The last common ancestor of hagfish and gnathostomes was also the last common ancestor of all extant vertebrates that lived some time more than 500 million years ago. Features that are shared between hagfish and gnathostomes can be inferred to have already been present in this ancestral vertebrate. We recently reported that hagfish endothelium displays phenotypic heterogeneity in ultrastructure, lectin binding, and mechanisms of leukocyte adhesion. Thus, phenotypic cell heterogeneity evolved as an early feature of the endothelium. In the present study, we wanted to extend these observations by determining whether hagfish endothelium plays a role in mediating vasomotor tone.
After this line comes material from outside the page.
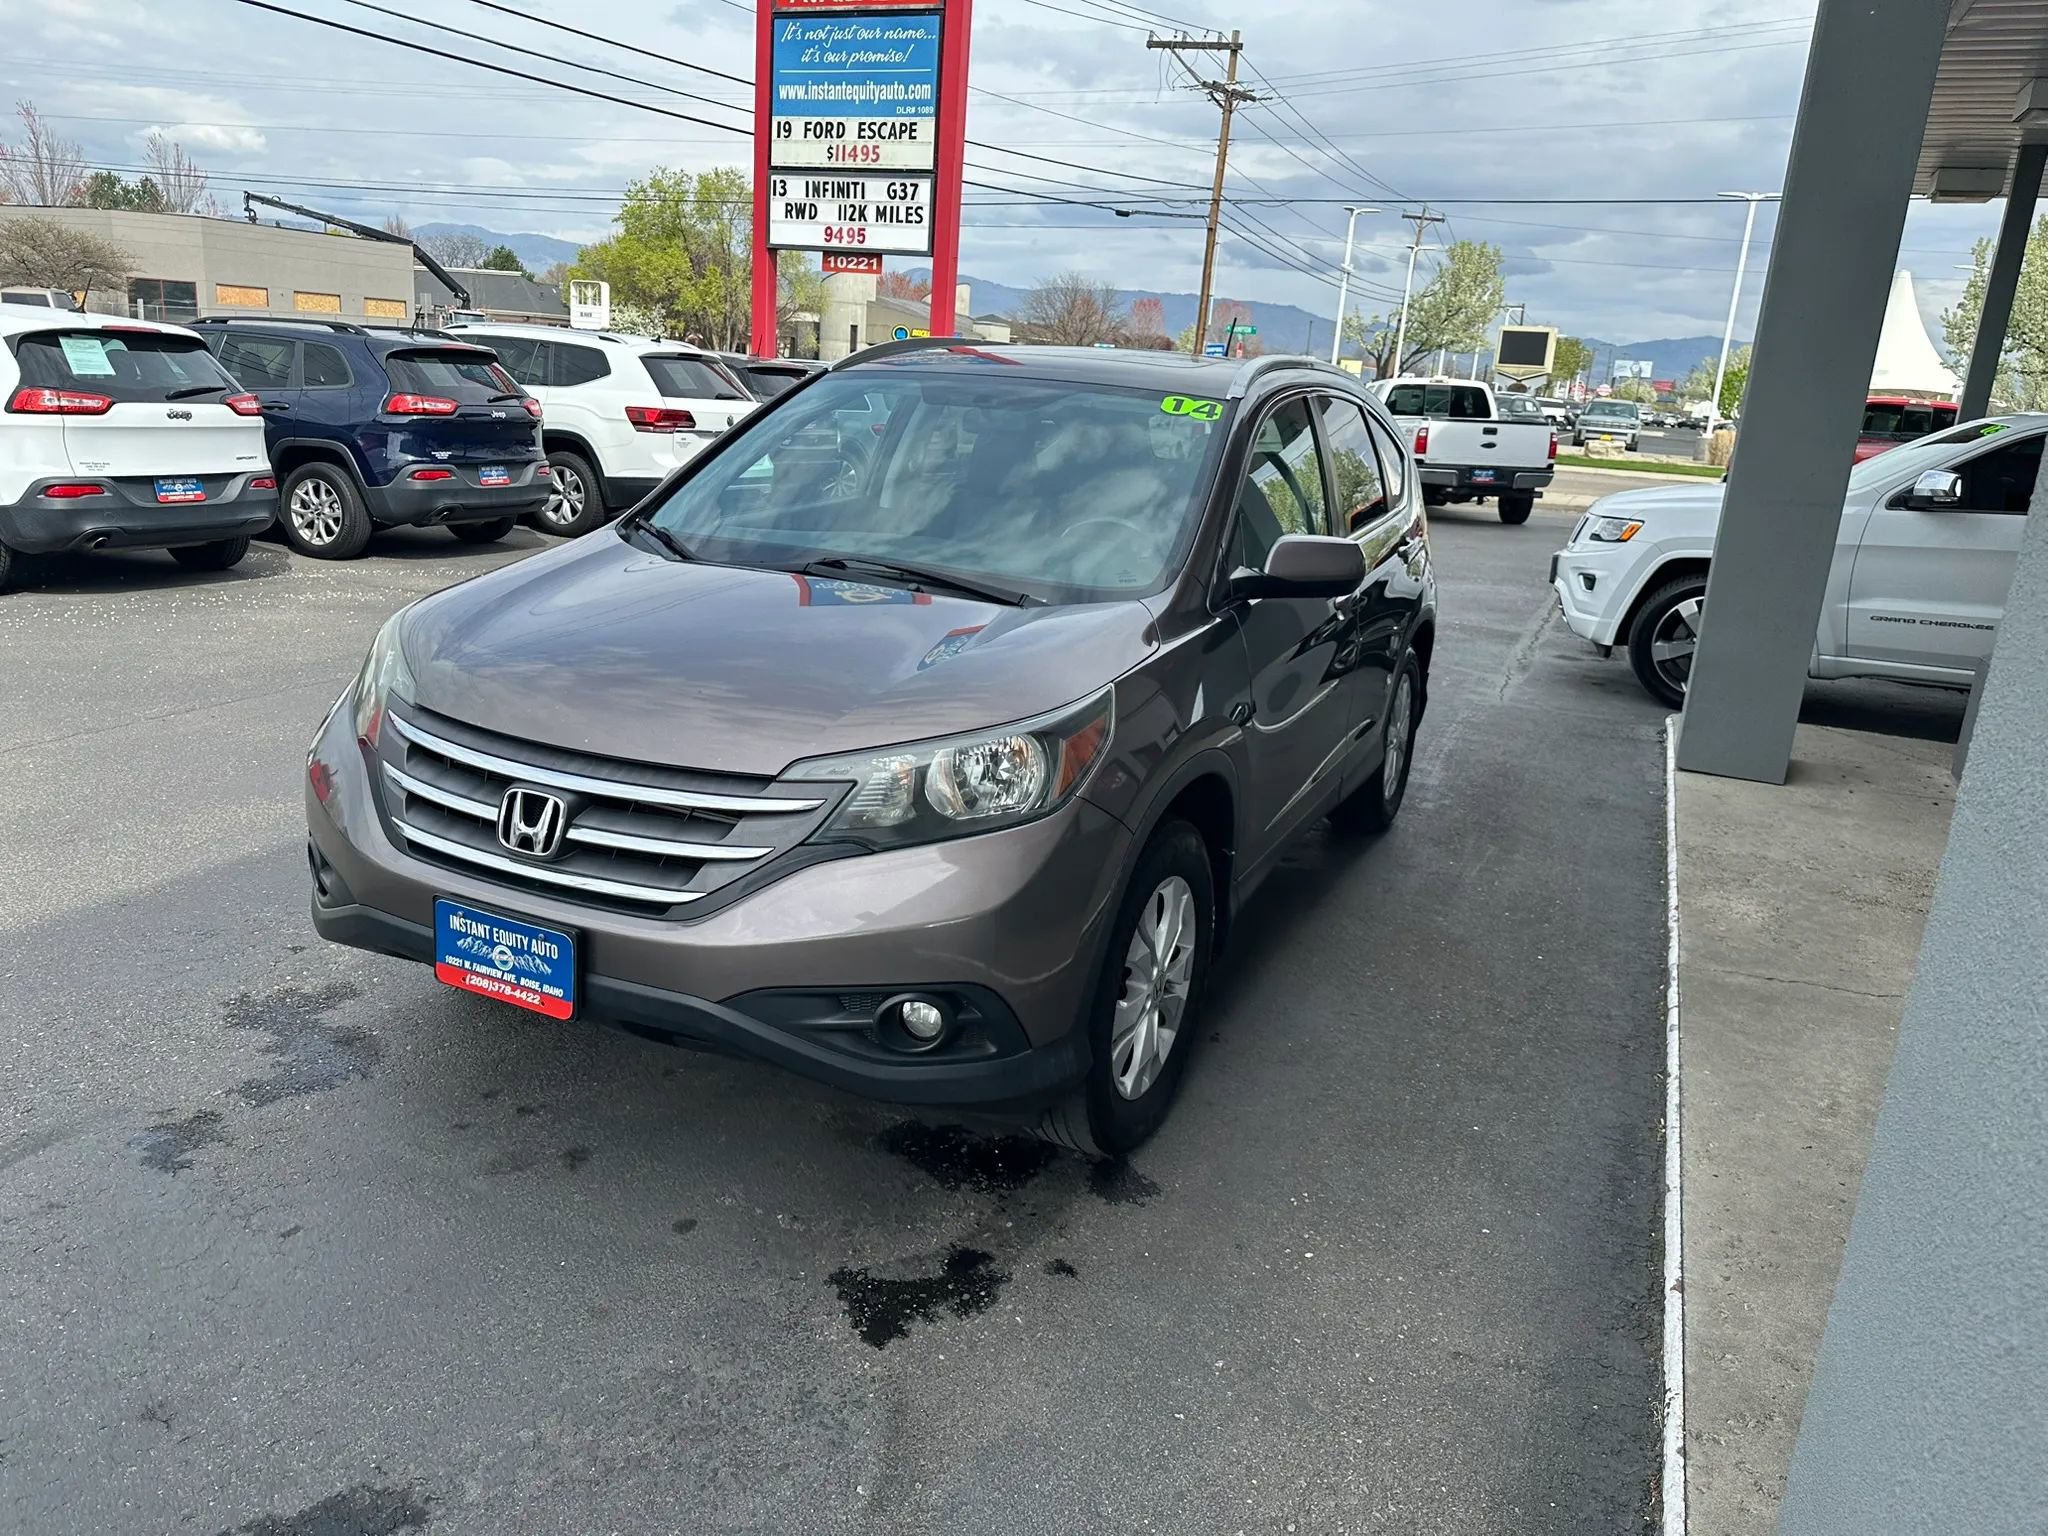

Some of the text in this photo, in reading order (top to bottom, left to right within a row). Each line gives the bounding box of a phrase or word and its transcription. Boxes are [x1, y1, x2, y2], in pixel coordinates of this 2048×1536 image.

Response of mesenteric and skeletal muscle arteries to a variety of mediators was assayed by videomicroscopy. Phenylephrine and acetylcholine induced vasoconstriction of mesenteric and skeletal muscle arteries. Bradykinin (BK) and ADP promoted vasorelaxation in precontracted mesenteric arteries but not those from skeletal muscle. BK- and ADP-mediated vasorelaxation of the mesenteric artery was abrogated by mechanical denudation of the endothelium but was unaffected by NG-nitro-l-arginine methyl ester. Indomethacin significantly inhibited the vasodilatory response to ADP but not BK. The nitric oxide donor sodium nitroprusside resulted in endothelium-independent relaxation of both mesenteric and skeletal muscle arteries. Together, these data suggest that site-specific endothelium-dependent vasorelaxation is an evolutionarily conserved property of this cell lineage.